Kind of depends on the facility and department. I've heard it can be a problem, but i only experienced it rarely and in pretty mild forms. I know people who got bullied so hard they quit entirely though, so it's case by case
With all the beeping, how do you determine an emergency from what seems like a lot of false alarms?
The last time I was in the ER, I had telemetry, and the monitor (the computer screen behind me) kept saying the lead was coming off. It was losing contact every other second and kept beeping. When I used the call button, they told me they weren't worried about it.
So many things beeping.
Do you think things are missed? Or do you guys know which beeps are important?
And how much do you rely on family members to tell you if someone is worsening? I have kind of a weird family situation that I don't even understand myself where the ER is kryptonite to them so when I have had to go, I've had to go alone which is really hard. I sometimes think that the staff in the hospital might count on a family member being there to alert them to something since the monitors seem sort of like car alarms—they go off so often that people don't pay attention to them.

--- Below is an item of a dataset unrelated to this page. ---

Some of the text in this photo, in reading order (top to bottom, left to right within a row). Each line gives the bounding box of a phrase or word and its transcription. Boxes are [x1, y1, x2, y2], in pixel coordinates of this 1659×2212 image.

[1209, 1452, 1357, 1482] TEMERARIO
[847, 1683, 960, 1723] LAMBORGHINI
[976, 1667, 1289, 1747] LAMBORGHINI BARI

Also, is there ever a time in the ER when there are too many doctors or nurses working? In my experience, it seems like there are always too few so that at the end of the visit (if you're being discharged) you get 1-2 minutes with the ER doctor and he/she can just unilaterally end it by walking out the door because they have other patients. One time when they were listening to my chest to take deep breaths they said I needed to breathe faster because they had other patients to get to. But I have this thing where I have unusually large lungs and hypoventilation. If I do deep and fast, I nearly pass out. I get that the ER is for the worst of the worst, but in reality there are a lot of people there for less than the worst of the worst. With how much money ERs must bring in for hospitals, it always seems like there's just too few doctors.
Also, have you ever seen a patient discharged by a doctor when in your opinion they should have been admitted?

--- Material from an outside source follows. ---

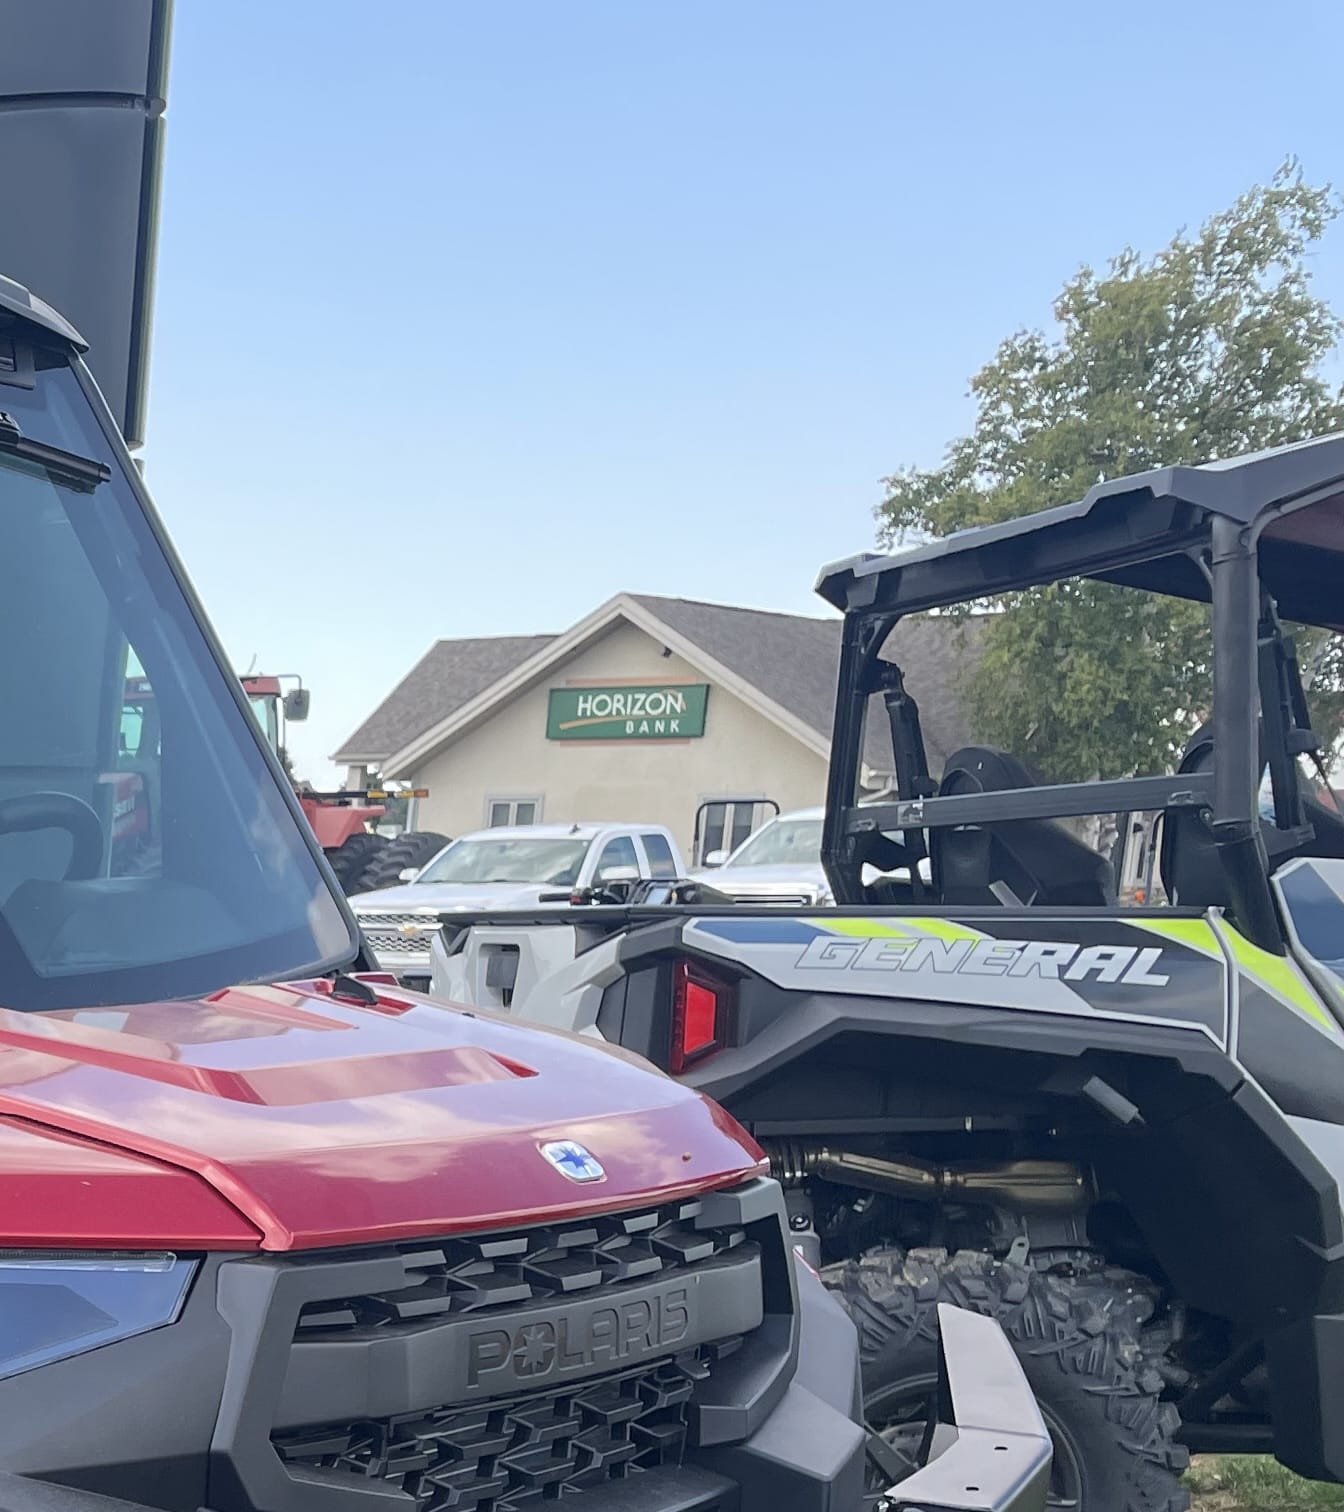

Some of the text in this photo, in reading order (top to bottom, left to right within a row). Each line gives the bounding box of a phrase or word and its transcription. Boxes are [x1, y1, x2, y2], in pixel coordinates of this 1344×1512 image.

[577, 692, 683, 717] HORIZON
[625, 720, 680, 734] BANK
[793, 936, 1171, 986] GENERAL
[466, 1288, 689, 1389] POLARIS

The last time I was there, as I was leaving my pulse on standing went to the 140s and stayed there and BP was 150/100. I was out of breath and had to leave by wheelchair. The triage nurse who took me in looked worried. The other nurse went to ask the doctor if he still thought it was OK for me to leave with my stats and he did but didn't come back. Obviously they can't disagree with the doctor openly, but I got the sense that they perhaps did.
Alarm fatigue is a real thing. Thankfully the real serious alarms have a different sound because we all just kind of tune out the usual beeps and boops.
Family can be helpful or a total hindrance depending on their knowledge of the flow of the ED.
Overstaffing only exists to senior leadership. They have no concept of what it means to have to plan for a what-if scenario and expect us to run on a skeleton crew, which just isn't safe.
We've got a good group of Docs at my ER, so I don't see someone discharged that often who I would have kept. I can pretty well predict when a patient will bounce back though whether it's medically necessary or not.
I’m a male going through nursing school. I love the program and I’m always proud of how well I know my health assessment. However, school is just so much and we’re always talking about getting sued which is sometimes feel discouraging . My question is while you were in nursing school have you ever sometimes felt like giving up?
Only every day. Look to the prize. And look at what happens to all the people you know with useless degrees. Stay strong and jump through the hoops
4+ years as a male RN
Did your coworkers treat you differently after your gender reassignment?
Ha! funny thing is you don't have to give a gender differentiation when you're an EMT. It only matters when you're a "Male Nurse"
Probably because you're idea of respect is different from reality.
Do you find yourself and co-workers making more glib jokes and I guess gallows humor to help you cope with the nature of the job? I know many cops and EMTs often do this as a sort of mechanism to distract from the heaviness they can experience.
So to that point, got any good instances of this kind of humor?